On Thursday, Russian state news agency TASS reported that the Khimki City Court of the Moscow region had ruled to detain Griner for at least two more months as the case is investigated, according to a report from the Daily Mail.
“The court granted the petition of the investigation and extended the term of U.S. citizen Griner’s detention until May 19,” the court ruled.
Griner is a seven-time WNBA All-Star center and has played for the Phoenix Mercury since 2013, including the team’s 2014 league championship squad. She has also won the Olympic gold medal with the U.S. women’s basketball team twice.
Griner has played seven seasons of professional basketball in Russia during the winter, a common practice among WNBA players. She earns about $1 million per season to play in Russia, about four times the salary she earns playing for Phoenix. On January 29, Griner played her most recent game with her team UMMC Ekaterinburg before the Russian league took a two-week break for the FIBA World Cup qualifying tournaments.

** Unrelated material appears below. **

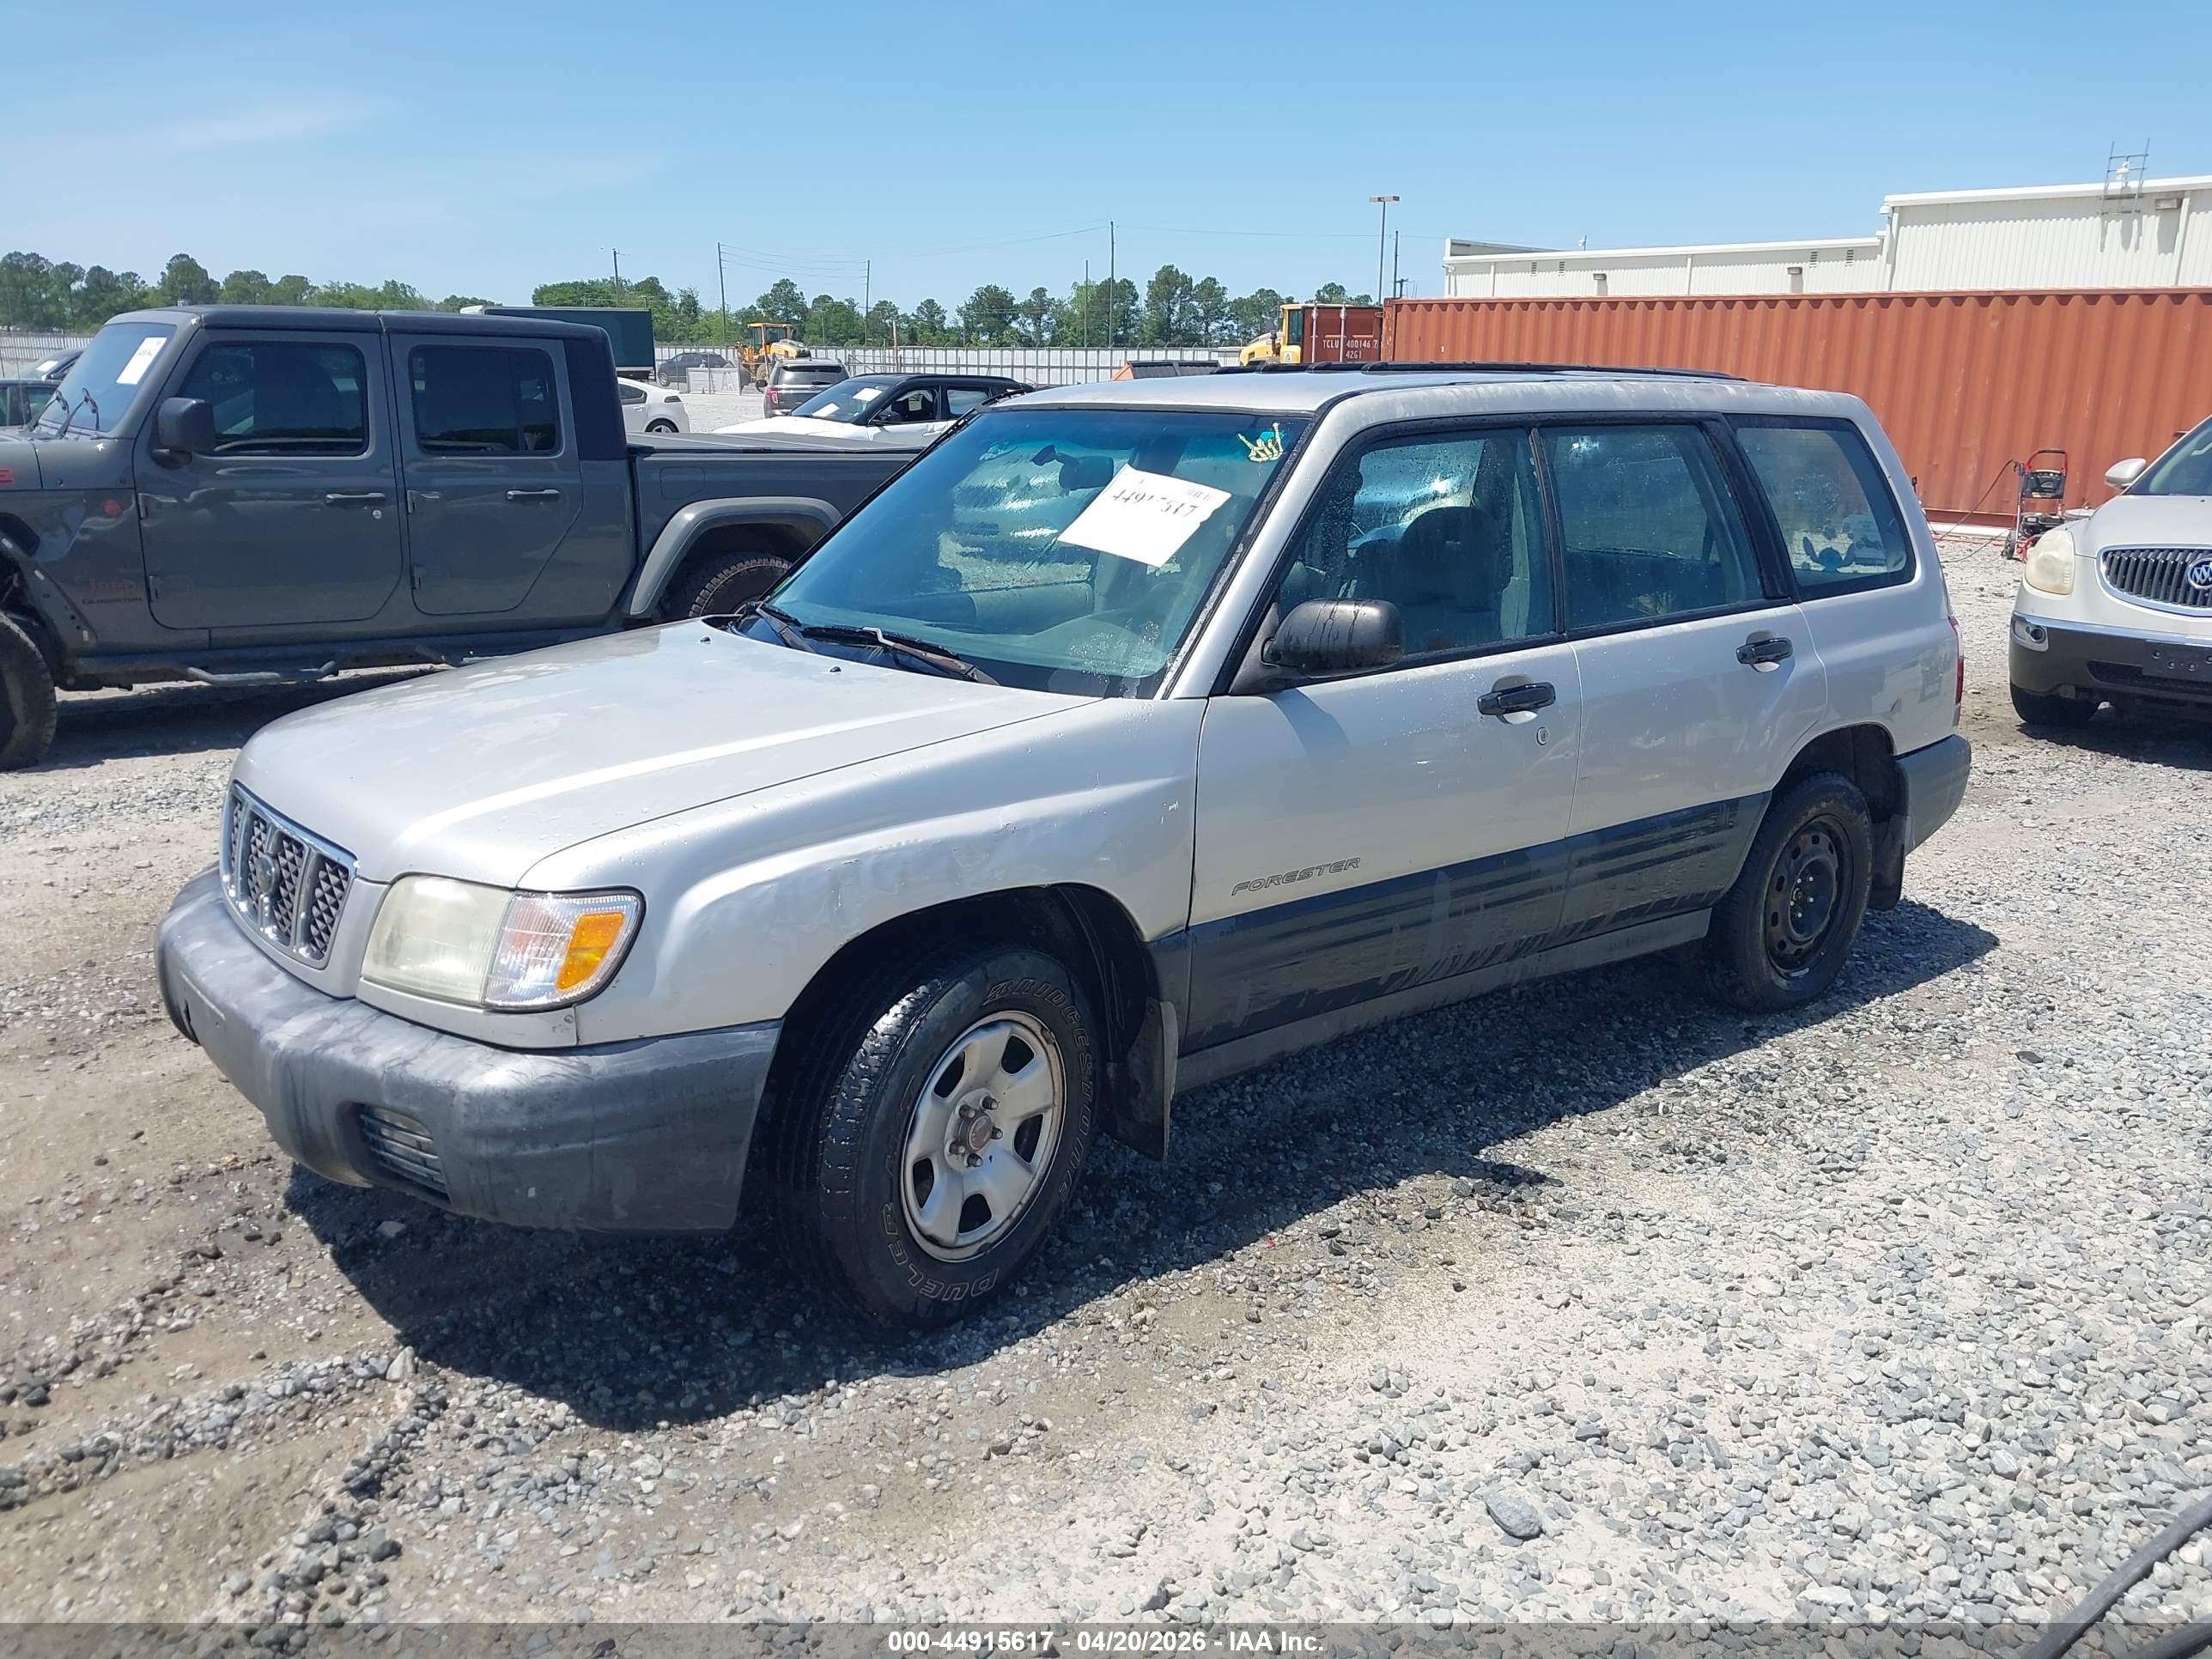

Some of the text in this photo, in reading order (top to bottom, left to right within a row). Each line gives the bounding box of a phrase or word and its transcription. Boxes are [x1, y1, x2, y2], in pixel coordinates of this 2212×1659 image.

WNBA Star Arrested Last Month
The Russian Customs Service reported on March 5 that an American women’s basketball player had been detained after cannabis vape cartridges were discovered in her luggage at the Sheremetyevo airport near Moscow. Griner was not identified by name and the date of the arrest was not specified. The customs service also released a video that appears to depict Griner making her way through an airport security checkpoint.
TASS subsequently reported that the arrested player was Griner. Although the date of Griner’s arrest was not announced, media outlets reported that she has been in custody since February. After news of the arrest broke, the WNBA and the players’ union expressed support for the star player.
“Brittney Griner has the WNBA’s full support, and our main priority is her swift and safe return to the United States,” the league said in a statement after Griner’s arrest was announced by Russian media.
TASS reported on Thursday that Griner is being held in an undisclosed Russian prison pending investigation of the case. The news agency also said that Ekaterina Kalugina of the human rights watchdog group Public Monitoring Commission, a semi-official body with access to Russian prisons, had visited Griner. Kalugina reported that Griner was doing well and being held in humane conditions.
Kalugina further reported that Griner has accepted her detention and was being held in a cell with two other women with no prior convictions who are also being held on drug-related charges. Griner’s only issue, she said, was that the prison’s beds are too small for the 6’9” basketball star.
“The beds in the cell are clearly designed for a shorter person,” Kalugina told TASS.
The human rights worker also said that U.S. authorities have not yet visited Griner in Russia, which invaded its neighbor Ukraine on February 24, plunging the region into a humanitarian and diplomatic crisis.
“In addition, for an unknown reason, the U.S. consul does not come to [see Griner], although the administration of the pre-trial detention center is ready to create all conditions for a visit,” TASS quoted Kalugina as saying.
Griner’s time in custody is being made easier by the women being held with her, the report continued.
“[Griner’s cellmates] also had no previous convictions and are charged with drug-related [offenses],” said Kalugina. “They speak English and help Griner communicate with the prison administration.”
“They helped her order books: she reads F. M. Dostoevsky and [a] biography of the members of the Rolling Stones,” she continued.
Uproar Over Griner’s Arrest
Griner’s arrest has led to an outcry from politicians and celebrities around the globe. Democratic Representative Colin Allred of Texas, the basketball star’s home state, said on March 9 that he was looking into the circumstances of Griner’s arrest.
“My office has been in touch with the State Department, and we’re working with them to see what is the best way forward,” said Allred, as quoted by ESPN. “I know the administration is working hard to try and get access to her and try to be helpful here. But obviously, it’s also happening in the context of really strained relations. I do think that it’s really unusual that we’ve not been granted access to her from our embassy and our consular services.”
American Iranian journalist Jason Rezaian was detained in Tehran by the Iranian government in 2014 and held in a notorious prison for 544 days, finally being released in 2016. He said that he sees similarities in his case and Griner’s.
“It’s the most audacious hostage taking by a state imaginable,” Rezaian told CNN. “I know from my own case that the supposed charges against me were not based in anything like reality, and they were used to perpetuate a narrative about why I was being held.”